Movable frame F ₃ … Movable side frame F ₄ … Support frame D… Mating pitch circle distance L… Pitch circle line
M: Pitch circle tangent line θ: Bevel gear tooth angle

Claims (3)

[Claims] 1. A printing rack 8 which is linearly horizontally movable below a printing cylinder 3 along a guide 1, and a beveled rack gear integrally provided at both ends in the printing width direction of the printing rack 8. 2, 2
And pinion gears 4 and 4 for interlocking rotation in the form of oblique teeth that mesh with the rack gears 2 and 2 and rotate in conjunction with each other at both ends in the rotation axis direction of the printing cylinder 3 that rotates at a fixed position. A circular pressure type printing apparatus, characterized in that auxiliary pinion gears 6, 6 in the form of beveled teeth that mesh with 2 and rotate at a fixed position are provided at one or several places. 2. A printing base 18 fixed in a fixed position, rack gears 12, 12 having oblique teeth integrally provided at both ends in the printing width direction of the printing base 18, and linearly along a guide 11. The rack gears 12, 1 are provided at both ends in the rotation axis direction of the printing cylinder 13 which is supported by a horizontally movable movable frame and rotates.
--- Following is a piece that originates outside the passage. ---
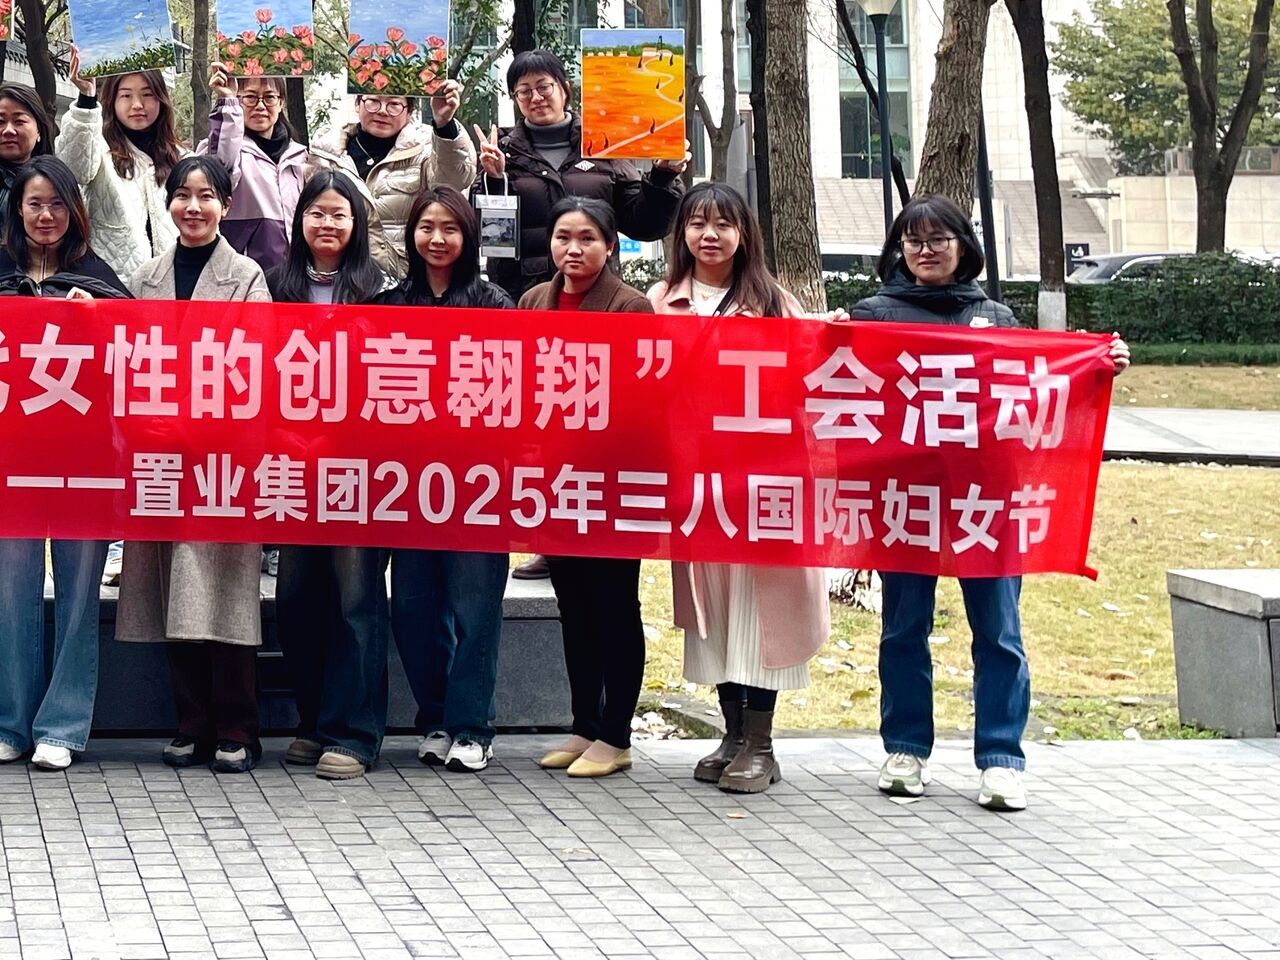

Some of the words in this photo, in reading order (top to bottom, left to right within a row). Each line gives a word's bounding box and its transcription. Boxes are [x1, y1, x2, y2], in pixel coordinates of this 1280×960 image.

2 and an interlocking pinion gear 14 for interlocking rotation which interlocks with 2 to rotate in an interlocking manner, and an auxiliary pinion gear 16 for interlocking rotation, which is pivotally supported by the movable frame and rotates in mesh with the rack gears 12, 12. , 16 are provided at one to several places, and a pressure type printing apparatus is provided. 3. The auxiliary pinion gears 6, 6 or the auxiliary pinion gears 16, 16 are used for suppressing vibration / swing in the printing width direction or the printing direction, and are used for interlocking and driving. Not claim 1 or claim 2
The pressure printing device described.